The most commonly used form of urinary diversion is an ileal loop urostomy using about eighteen centimeters of ileum (small bowel). The eighteen centimeter segment of ileum is separated from the remaining ileum and the remaining ileum is put back together to keep the bowel functioning in continuity. The eighteen centimeter segment of ileum is then used to connect the ureters at one end and to bring the other end of the ileum out on the abdomen, usually the right lower quadrant (to the right of and below the belly button). Where the ileal loop exits the abdominal wall is called a stoma. The stoma is a pink fleshy exit orifice that has a diameter that can usually accommodate an index or “pinky” finger. The urine drains from this stoma continuously into a plastic urostomy appliance.

Finding the right urostomy appliance to fit your stoma and learning how to manage your appliance so that there is no urine leakage is a major part of the post-operative recovery. Nurses in the hospital and visiting nurses that come to your home, your family members, vendors who supply appliances, our office staff, and prior patients can all help you learn to manage the appliance.

One of the critical surgical features of any urinary diversion is the suturing of ureter to ileum (the ureteral anastamosis). Because this is a man-made anastamosis, it will heal with scar tissue. If this scar narrows down too much it is called a ureteral or anastamotic stricture. Robotic technology reduces, but does not eliminate, the risk of stricture. If a stricture does occur, it could need dilation or surgical revision in the future. To protect the ureteral anastamosis, plastic stents are sometimes left in both ureters for six weeks after surgical urinary diversion. These stents may be visible at the stoma intermittently.

Because the ileum is a piece of bowel, it will always shed its inner cell lining, or mucosa, daily. This results in significant mucus production from the stoma. This is normal. The amount of mucus may decrease over time, but it will never entirely stop.

Another form of urinary diversion is an ileal neobladder where a new bladder is created using sixty centimeters of ileum. The ileum is opened and reconfigured into a sphere and the ureters are sutured into the neobladder sphere. The neobladder is then sutured to the urethra over a foley catheter. The foley catheter and ureteral stents and several other surgical drains remain in place for several weeks. Neobladder would not be used to replace a bladder in a patient with significant neurologic disease but is considered in select cases of bladder cancer treatment.

Yet another form of diversion is to use bowel to create a urinary diversion that connects to the abdomen by a continent cutaneous channel. This type of diversion is called a continent cutaneous pouch or reservoir. It’s continent because generally it does not leak urine but in order to drain this pouch you must catheterize the pouch 4-6 times a day. The pouch is catheterized through a channel on the abdomen (created using the appendix or a modified segment of ileum or small bowel). You will no longer urinate but rather drain the pouch by passing a catheter through the catheterizable channel on your abdomen. You will also catheterize through this channel daily to clean out mucus from the pouch (see below). This continent cutaneous pouch can be used in cases of neurologic dysfunction if the patient is able to use their hands to catheterize the channel.
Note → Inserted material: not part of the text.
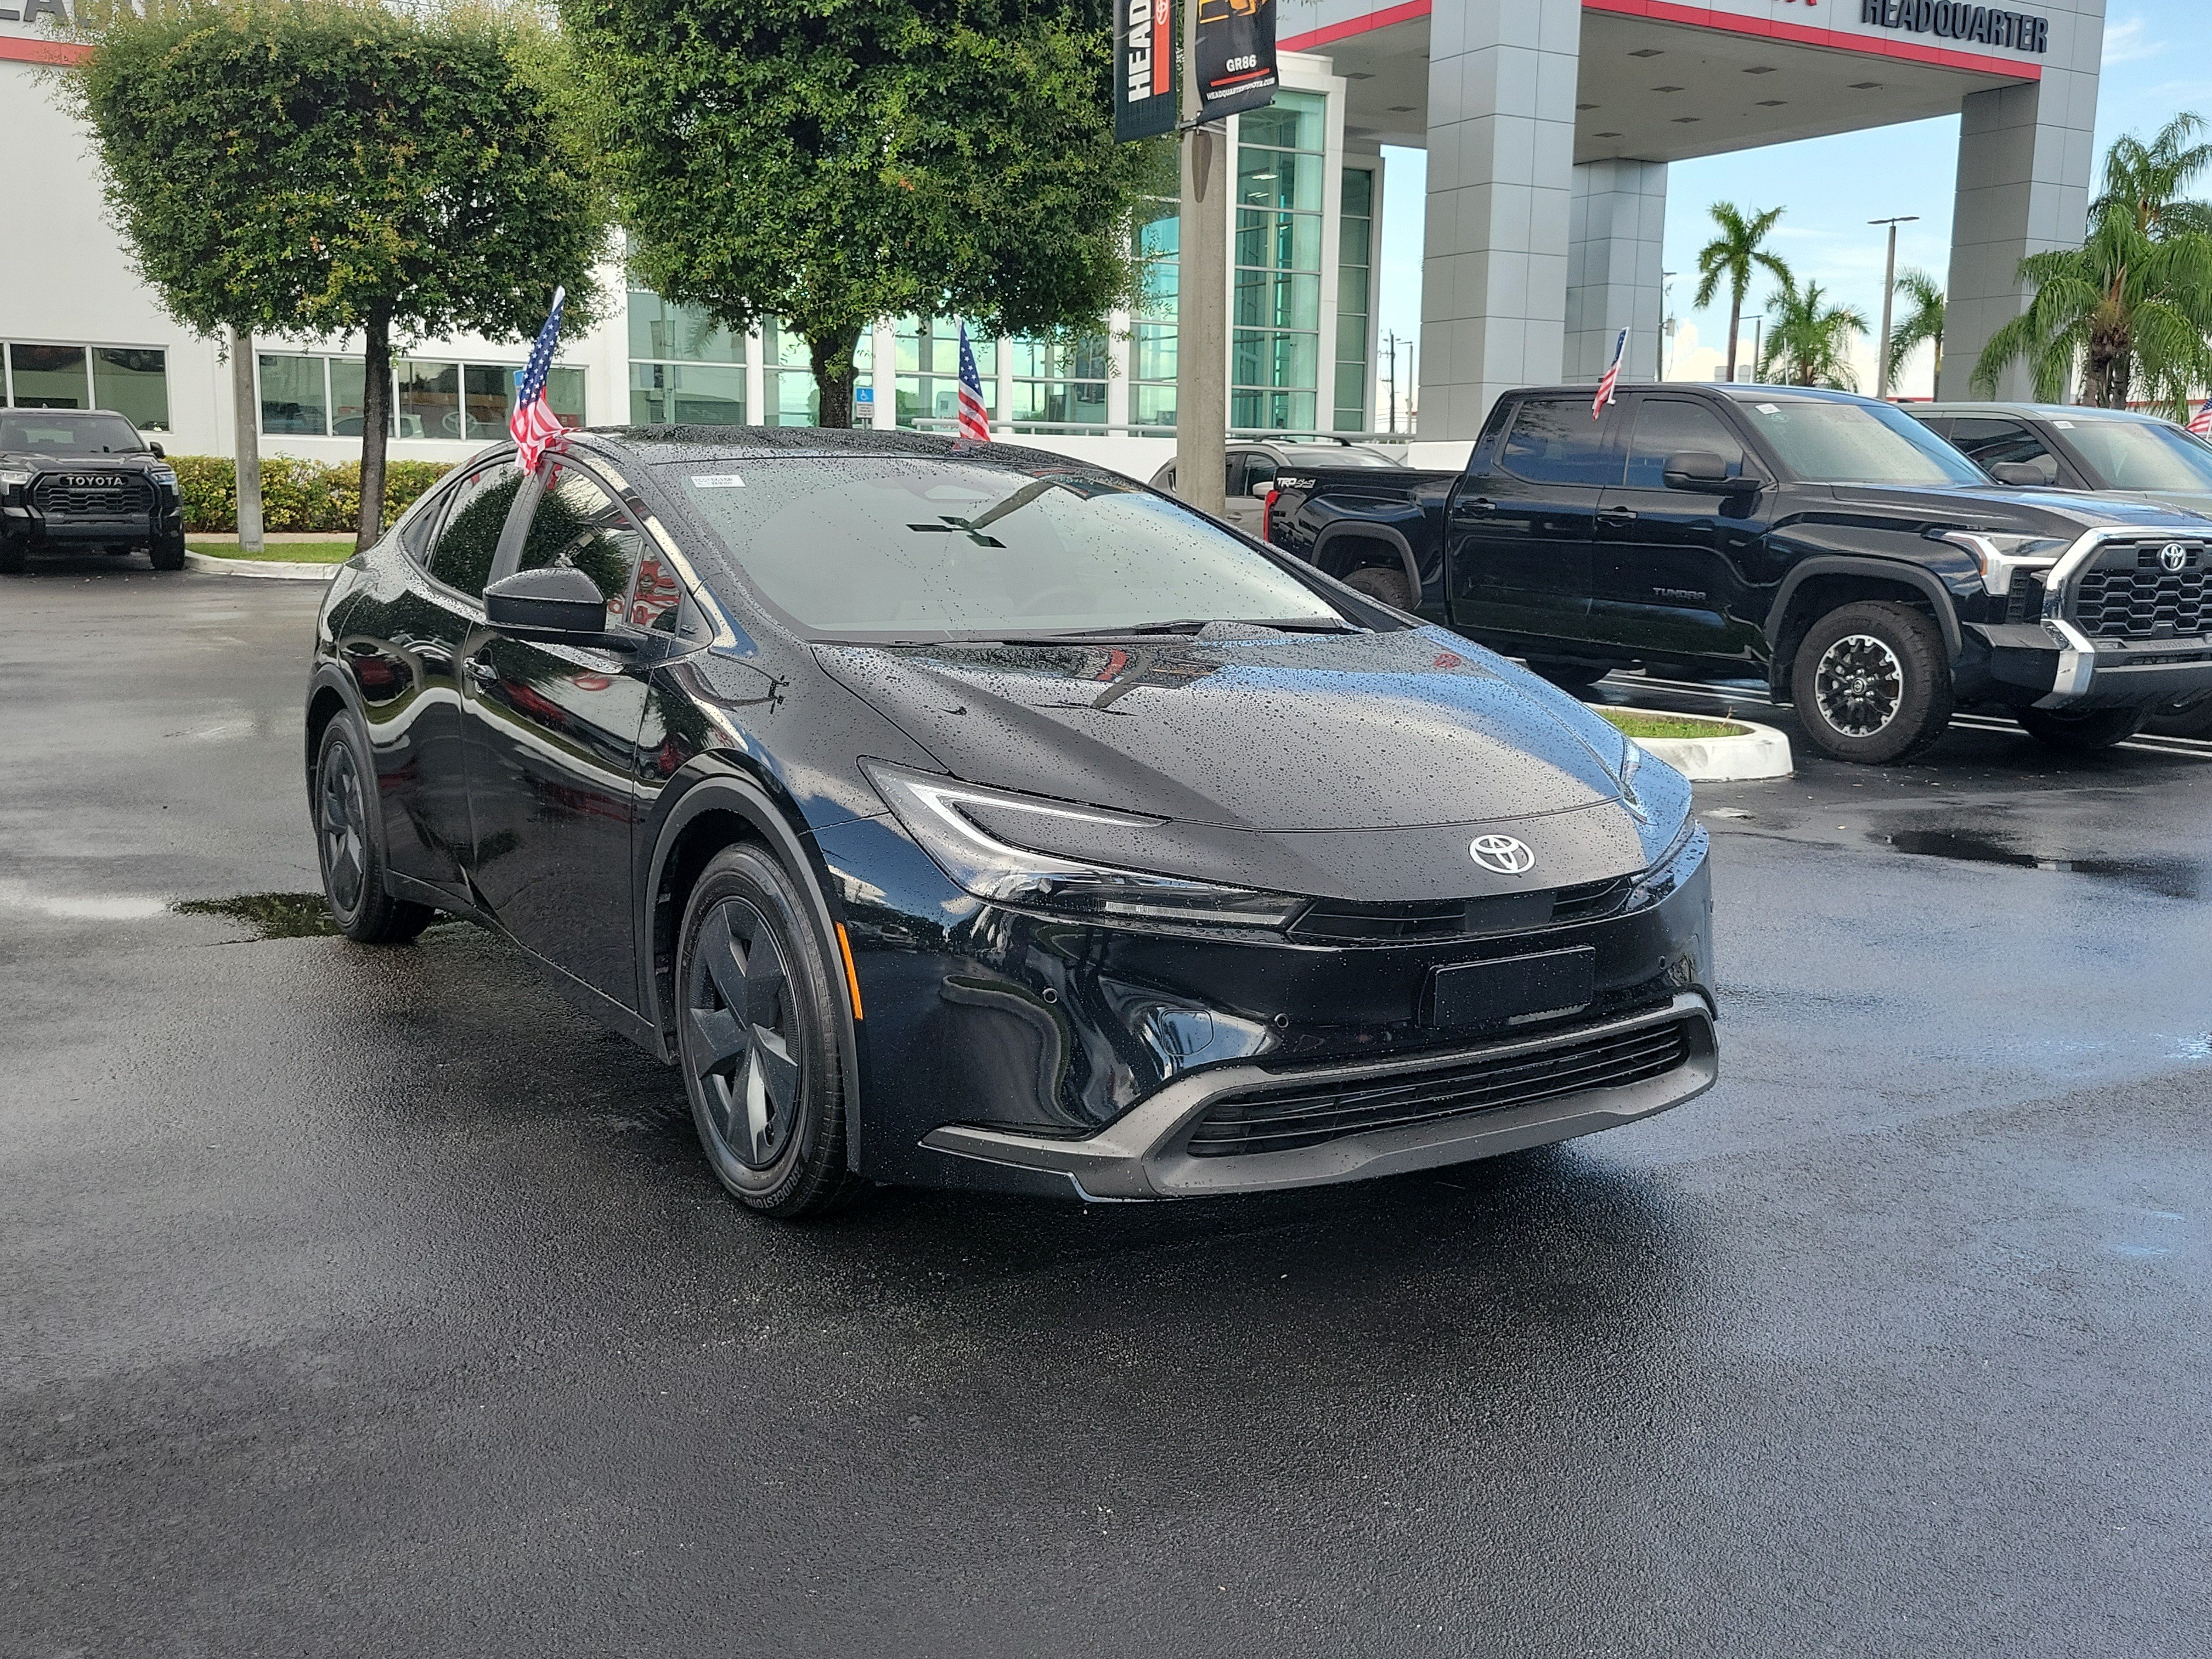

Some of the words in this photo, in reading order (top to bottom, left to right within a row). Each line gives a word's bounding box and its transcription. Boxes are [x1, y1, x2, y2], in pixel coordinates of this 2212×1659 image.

Again, the ileum sheds its mucosal lining, creating substantial mucus. With an ileal loop, the mucus simply exits out the stoma. With a neobladder (or continent cutaneous pouch), the mucus becomes trapped inside the neobladder. This mucus must be irrigated out of the neobladder, and this need for irrigation continues for life. A patient who elects neobladder reconstruction must be able to catheterize his or her new bladder through the urethra (or cutaneous opening for continent cutaneous pouch) for life. This catheterization process is necessary for irrigating out mucus and maintaining the neobladder. Catheterization may also be needed because 20% or more of neobladder patients cannot empty their new bladder by urination but must catheterize daily or several times a day to drain their new bladder. Neobladder reconstruction also significantly lengthens surgical time and so it increases risks of surgery as well as the risk of post-op recovery.